About this exercise
What follows is a set of records; restate each one word for word and drop the pictures.

Stored data:
______
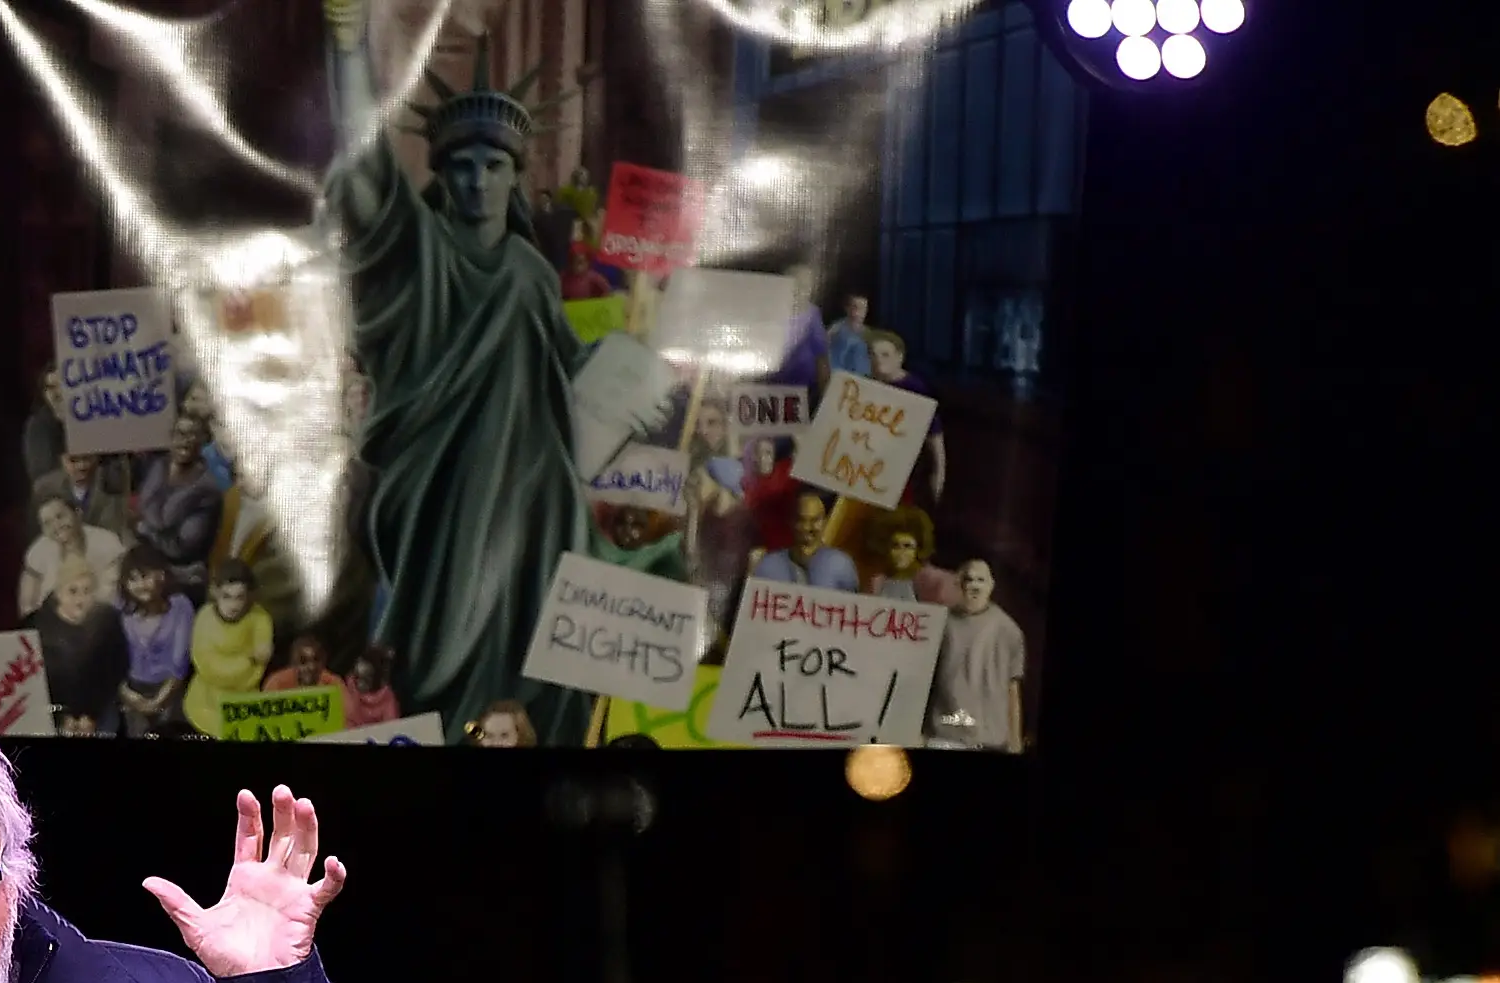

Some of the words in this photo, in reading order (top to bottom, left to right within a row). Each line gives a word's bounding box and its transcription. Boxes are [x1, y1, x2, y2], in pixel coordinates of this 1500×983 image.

[67, 313, 138, 348] STOP
[64, 341, 171, 387] CLIMATE
[72, 387, 169, 421] CHANGE
[738, 395, 801, 425] ONE
[556, 579, 695, 635] IMMIGRANT
[550, 614, 684, 683] RIGHTS
[774, 638, 857, 678] FOR
______
Your solution
Some of the words in this photo, in reading order (top to bottom, left to right within a row). Each line gives a word's bounding box and its transcription. Boxes are [x1, y1, x2, y2], in pixel coordinates of this 1500×983 image.

[67, 313, 138, 348] STOP
[64, 341, 171, 387] CLIMATE
[72, 387, 169, 421] CHANGE
[738, 395, 801, 425] ONE
[556, 579, 695, 635] IMMIGRANT
[550, 614, 684, 683] RIGHTS
[774, 638, 857, 678] FOR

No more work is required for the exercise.